While attention is focused on the value of the renminbi, more important for China is to promote greater flexibility, as I have previously argued. The challenge has always been finding the right opportunity. A pre-ordained nominal appreciation of three to six per cent annually only encourages speculative capital inflows. Thus the recent build-up in the country’s reserves has come as much from money pouring in as from trade surpluses. China must find a way out of this dilemma.

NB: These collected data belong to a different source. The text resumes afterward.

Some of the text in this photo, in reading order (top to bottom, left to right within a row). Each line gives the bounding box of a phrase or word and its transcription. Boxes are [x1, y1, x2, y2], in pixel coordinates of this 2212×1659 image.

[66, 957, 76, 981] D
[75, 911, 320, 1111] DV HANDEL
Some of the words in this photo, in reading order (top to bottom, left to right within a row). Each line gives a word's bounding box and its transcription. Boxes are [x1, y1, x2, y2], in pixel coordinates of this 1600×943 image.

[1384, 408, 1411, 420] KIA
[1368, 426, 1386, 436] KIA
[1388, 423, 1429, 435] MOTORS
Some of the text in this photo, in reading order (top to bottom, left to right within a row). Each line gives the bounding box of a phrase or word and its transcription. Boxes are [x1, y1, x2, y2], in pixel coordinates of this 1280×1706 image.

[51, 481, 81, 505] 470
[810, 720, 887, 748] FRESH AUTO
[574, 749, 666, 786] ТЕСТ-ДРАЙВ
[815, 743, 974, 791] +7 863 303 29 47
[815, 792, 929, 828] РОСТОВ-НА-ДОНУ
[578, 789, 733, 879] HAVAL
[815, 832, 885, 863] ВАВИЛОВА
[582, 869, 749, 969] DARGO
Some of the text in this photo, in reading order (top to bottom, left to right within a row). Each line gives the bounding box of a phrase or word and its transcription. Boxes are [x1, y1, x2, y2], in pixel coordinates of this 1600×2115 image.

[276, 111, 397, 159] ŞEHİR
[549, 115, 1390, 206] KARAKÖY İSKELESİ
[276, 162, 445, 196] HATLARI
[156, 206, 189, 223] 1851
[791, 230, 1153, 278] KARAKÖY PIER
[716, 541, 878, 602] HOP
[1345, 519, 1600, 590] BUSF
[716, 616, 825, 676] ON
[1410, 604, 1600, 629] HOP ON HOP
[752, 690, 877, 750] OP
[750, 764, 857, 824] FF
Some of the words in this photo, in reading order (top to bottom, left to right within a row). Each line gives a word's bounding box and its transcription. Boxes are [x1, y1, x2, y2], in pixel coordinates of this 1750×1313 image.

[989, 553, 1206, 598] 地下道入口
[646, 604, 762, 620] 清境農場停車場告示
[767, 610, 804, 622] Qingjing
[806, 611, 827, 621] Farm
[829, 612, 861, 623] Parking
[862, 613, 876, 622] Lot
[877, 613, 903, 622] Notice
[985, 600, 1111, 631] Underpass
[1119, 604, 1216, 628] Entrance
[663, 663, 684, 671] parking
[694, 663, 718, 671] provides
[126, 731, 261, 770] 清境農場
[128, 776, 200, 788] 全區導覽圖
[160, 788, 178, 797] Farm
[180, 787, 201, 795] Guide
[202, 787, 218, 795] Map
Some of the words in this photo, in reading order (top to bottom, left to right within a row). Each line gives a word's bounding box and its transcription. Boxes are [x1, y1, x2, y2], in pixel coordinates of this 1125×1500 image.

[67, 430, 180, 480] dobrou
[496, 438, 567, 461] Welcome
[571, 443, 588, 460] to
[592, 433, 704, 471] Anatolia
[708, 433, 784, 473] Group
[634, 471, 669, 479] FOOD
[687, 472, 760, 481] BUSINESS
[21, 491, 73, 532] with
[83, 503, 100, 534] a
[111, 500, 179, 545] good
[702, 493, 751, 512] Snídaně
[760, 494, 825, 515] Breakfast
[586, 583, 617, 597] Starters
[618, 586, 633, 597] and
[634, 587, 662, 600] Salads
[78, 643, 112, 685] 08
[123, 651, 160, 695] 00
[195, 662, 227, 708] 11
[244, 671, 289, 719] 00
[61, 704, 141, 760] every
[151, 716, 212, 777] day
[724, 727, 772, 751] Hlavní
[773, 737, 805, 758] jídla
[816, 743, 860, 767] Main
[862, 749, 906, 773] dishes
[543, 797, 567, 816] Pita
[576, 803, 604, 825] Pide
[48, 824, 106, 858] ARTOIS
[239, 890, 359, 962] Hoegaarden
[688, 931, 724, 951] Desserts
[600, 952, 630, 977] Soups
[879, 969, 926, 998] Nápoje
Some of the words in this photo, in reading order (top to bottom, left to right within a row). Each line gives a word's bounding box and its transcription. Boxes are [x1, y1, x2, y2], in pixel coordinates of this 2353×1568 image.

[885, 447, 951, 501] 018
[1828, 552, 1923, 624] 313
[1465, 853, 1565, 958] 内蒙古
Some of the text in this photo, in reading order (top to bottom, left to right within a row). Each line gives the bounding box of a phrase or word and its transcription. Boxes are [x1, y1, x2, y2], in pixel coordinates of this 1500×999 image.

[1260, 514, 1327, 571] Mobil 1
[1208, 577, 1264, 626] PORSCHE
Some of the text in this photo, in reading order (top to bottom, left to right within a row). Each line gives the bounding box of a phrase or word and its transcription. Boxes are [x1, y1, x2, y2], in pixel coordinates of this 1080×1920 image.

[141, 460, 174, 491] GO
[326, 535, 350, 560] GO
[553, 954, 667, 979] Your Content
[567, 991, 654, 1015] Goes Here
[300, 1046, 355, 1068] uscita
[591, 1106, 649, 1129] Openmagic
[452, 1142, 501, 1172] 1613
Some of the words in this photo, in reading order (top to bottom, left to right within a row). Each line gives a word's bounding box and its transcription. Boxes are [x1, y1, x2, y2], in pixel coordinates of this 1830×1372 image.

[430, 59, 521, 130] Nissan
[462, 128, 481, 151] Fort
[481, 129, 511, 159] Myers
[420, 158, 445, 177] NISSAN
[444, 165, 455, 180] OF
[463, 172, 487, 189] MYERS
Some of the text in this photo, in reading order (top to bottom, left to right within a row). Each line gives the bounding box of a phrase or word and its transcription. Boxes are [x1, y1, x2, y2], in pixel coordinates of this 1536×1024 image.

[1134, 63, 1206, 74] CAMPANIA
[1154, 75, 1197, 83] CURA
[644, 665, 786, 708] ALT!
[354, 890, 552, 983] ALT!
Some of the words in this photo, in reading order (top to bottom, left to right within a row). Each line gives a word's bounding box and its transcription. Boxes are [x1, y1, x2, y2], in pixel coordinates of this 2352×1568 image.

Although the global economy has deteriorated, paradoxically, conditions are better than a year ago for moving to a more flexible exchange rate system. A prolonged and volatile slowdown in global economic activity from the eurozone crisis, coupled with a sluggish US recovery, is now likely. With China’s key export markets under stress, its trade surplus will decline to about 1.5 per cent of gross domestic product this year from around five or six per cent several years ago. Coupled with recent efforts to liberalise imports, China’s trade surplus may soon evaporate. If so, fluctuations in China’s $3,200bn of reserves will be shaped largely by capital movements and currency valuations since most of its holdings are denominated in US dollars and the euro.
Recent moves to discourage property speculation, declining domestic economic growth, and signs that Chinese firms and individuals are investing more abroad, net capital inflows are likely to shrink, thereby reducing pressures for the renminbi to appreciate.
These dynamics are already showing up in the offshore renminbi markets where the trading premium points toward further depreciation. Similarly, the central bank has had to prop up the renminbi in the official market over the past week lest it decline even more than it has. Other east Asian currencies have become more volatile in recent months and on balance have depreciated significantly. Given the strong interlinkages in regional currency movements due to their shared production network, China will also be pulled into greater flexibility. And since inflation in China will remain relatively higher than its key western trading partners, its real exchange rate may appreciate marginally even if nominal rates decline.
All this will create a conducive environment for China to develop a more flexible exchange rate system where the prospect of a decline is the same as of an increase – as it should be.